_MATERIAL FOR THIS EXERCISE_
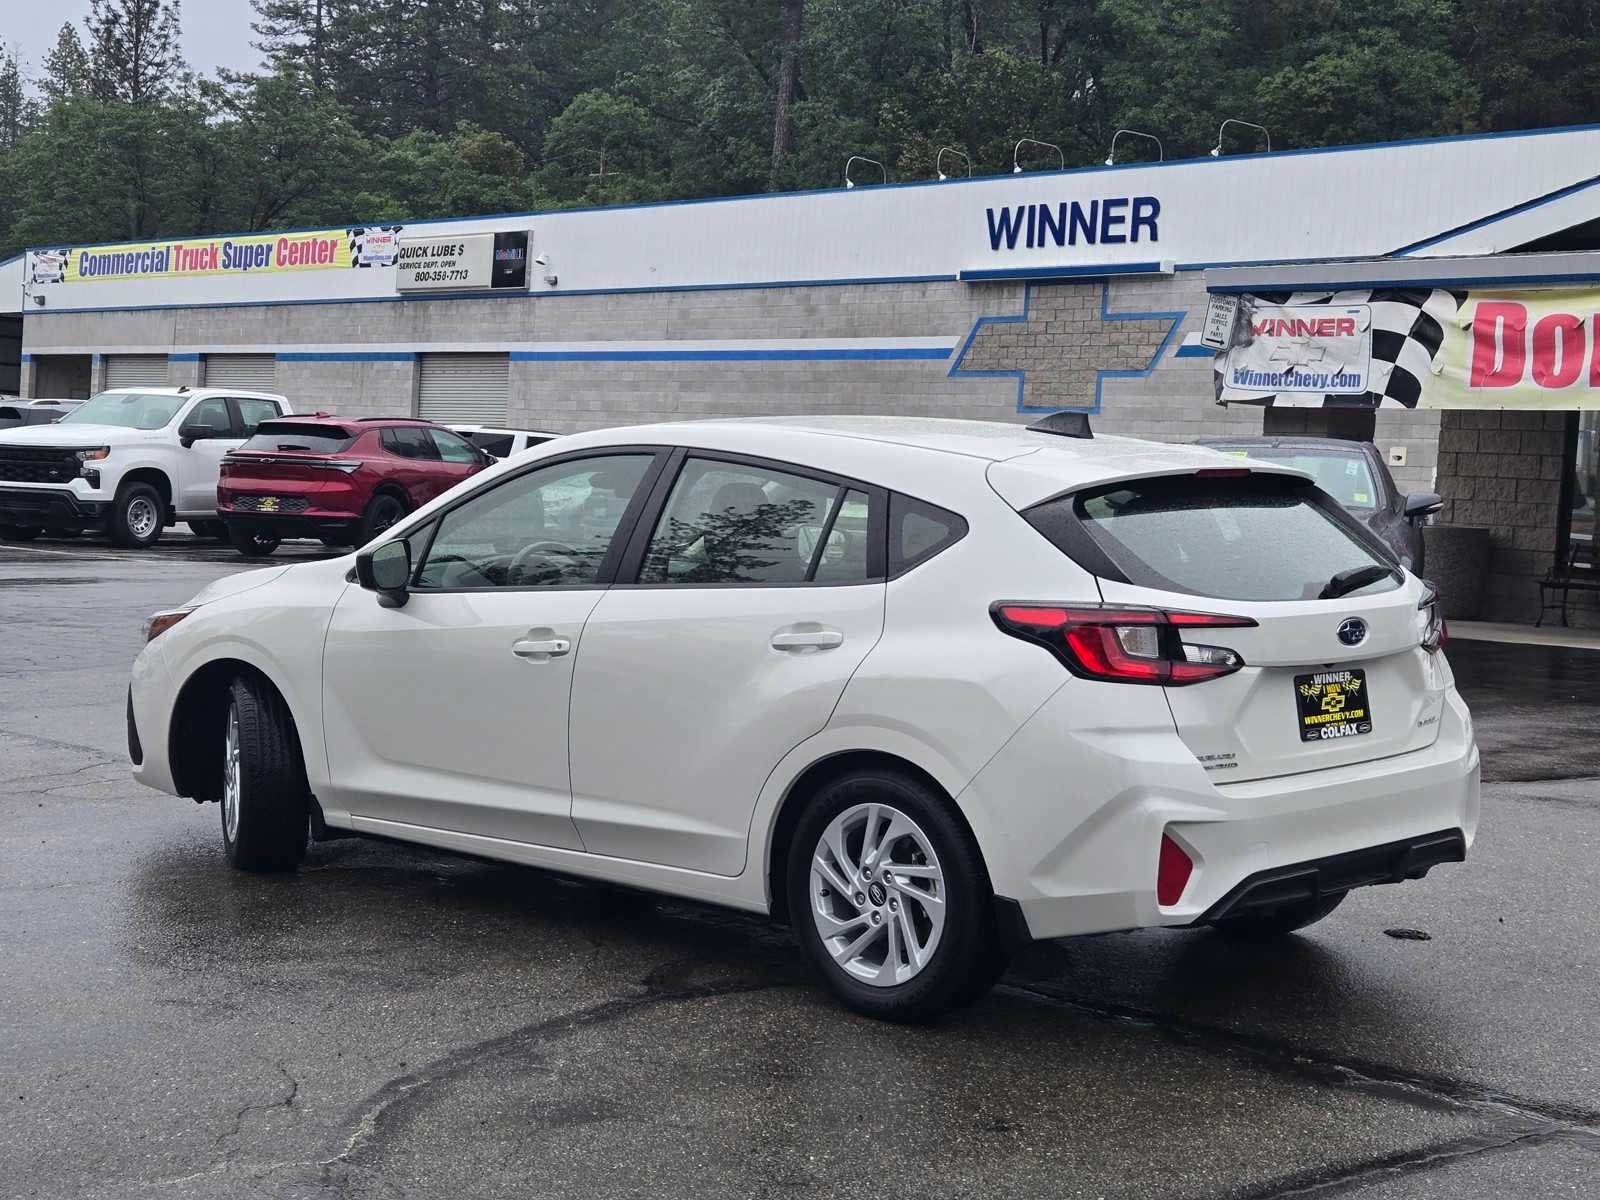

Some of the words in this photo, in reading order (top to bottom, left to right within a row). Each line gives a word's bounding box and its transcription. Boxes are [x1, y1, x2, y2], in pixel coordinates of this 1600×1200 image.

[985, 196, 1161, 251] WINNER
[79, 246, 170, 277] Commercial
[174, 243, 218, 272] Truck
[222, 241, 273, 271] Super
[276, 238, 337, 267] Center
[399, 246, 429, 259] QUICK
[431, 245, 456, 257] LUBE
[399, 261, 422, 270] SERVICE
[440, 260, 456, 268] OPEN
[1250, 317, 1355, 337] WINNER
[1233, 368, 1361, 389] WinnerChevy.com
[1313, 671, 1351, 685] WINNER
[1304, 709, 1364, 725] WINNERCHEVY.COM
[1320, 723, 1358, 739] COLFAX
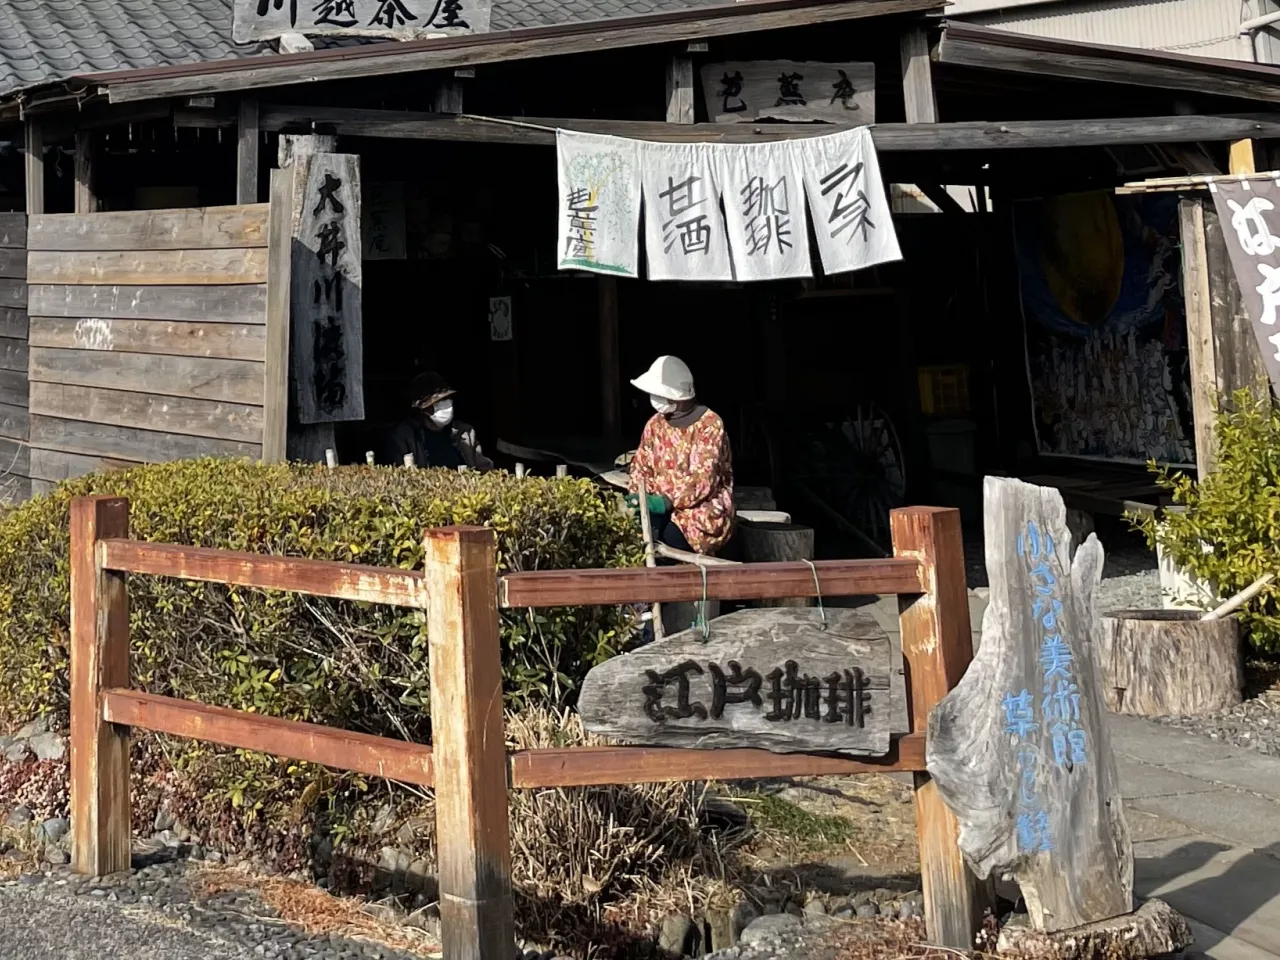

_TASK DETAILS_
Omitting all pictures, copy the preceding entries without any alteration.

_ANSWER TO THE PROBLEM_
Some of the words in this photo, in reading order (top to bottom, left to right within a row). Each line gives a word's bounding box and its transcription. Boxes are [x1, y1, x2, y2], in pixel coordinates of this 1600×1200 image.

[985, 196, 1161, 251] WINNER
[79, 246, 170, 277] Commercial
[174, 243, 218, 272] Truck
[222, 241, 273, 271] Super
[276, 238, 337, 267] Center
[399, 246, 429, 259] QUICK
[431, 245, 456, 257] LUBE
[399, 261, 422, 270] SERVICE
[440, 260, 456, 268] OPEN
[1250, 317, 1355, 337] WINNER
[1233, 368, 1361, 389] WinnerChevy.com
[1313, 671, 1351, 685] WINNER
[1304, 709, 1364, 725] WINNERCHEVY.COM
[1320, 723, 1358, 739] COLFAX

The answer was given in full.